High-Throughput Effect-Directed Monitoring Platform for Specific Toxicity Quantification of Unknown Waters: Lead-Caused Cell Damage as a Model Using a DNA Hybrid Chain-Reaction-Induced AuNPs@aptamer Self-Assembly Assay.

Abstract

A high-throughput cell-based monitoring platform was fabricated to rapidly measure the specific toxicity of unknown waters, based on AuNPs@aptamer fluorescence bioassays. The aptamer is employed in the platform for capturing the toxicity indicator, wherein hybrid chain-reaction (HCR)-induced DNA functional gold nanoparticle (AuNPs) self-assembly was carried out for signal amplification, which is essential for sensitively measuring the sub-lethal effects caused by target compounds.

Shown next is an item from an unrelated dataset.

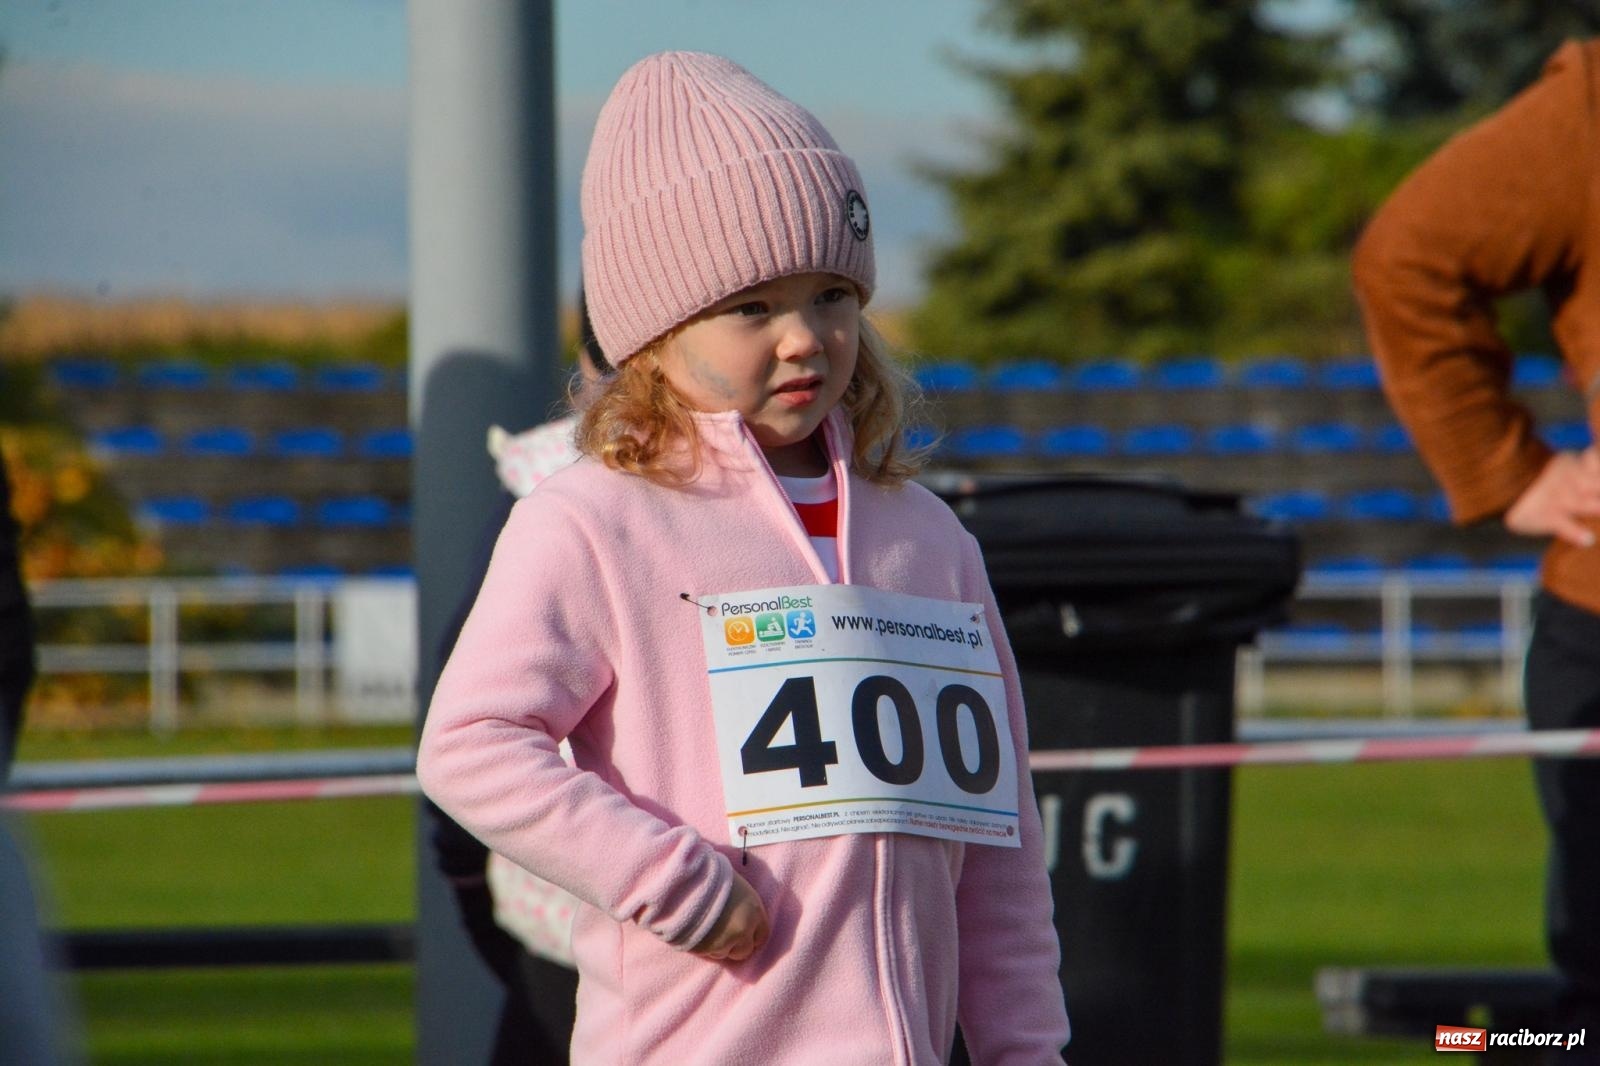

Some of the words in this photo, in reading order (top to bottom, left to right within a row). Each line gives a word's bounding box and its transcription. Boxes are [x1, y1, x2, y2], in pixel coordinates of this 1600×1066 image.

Moreover, the excellent stability given by the synthesized DNA nanostructure provides mild conditions for the aptamer thus used to bind the analyte. Herein, ATP was treated as a toxicity indicator and verified using lead-caused cell damage as a model. Under optimized conditions, excellent performance for water sample measurement was observed, yielding satisfactory accuracy (recovery rate: 82.69-114.20%; CV, 2.57%-4.65%) and sensitivity (LOD, 0.26 µM) without sample pretreatment other than filtration, indicating the method's simplicity, high efficiency, and reliability. Most importantly, this bioassay could be used as a universal platform to encourage its application in the rapid quantification of specific toxicity in varied sources of samples, ranging from drinking water to highly contaminated wastewater.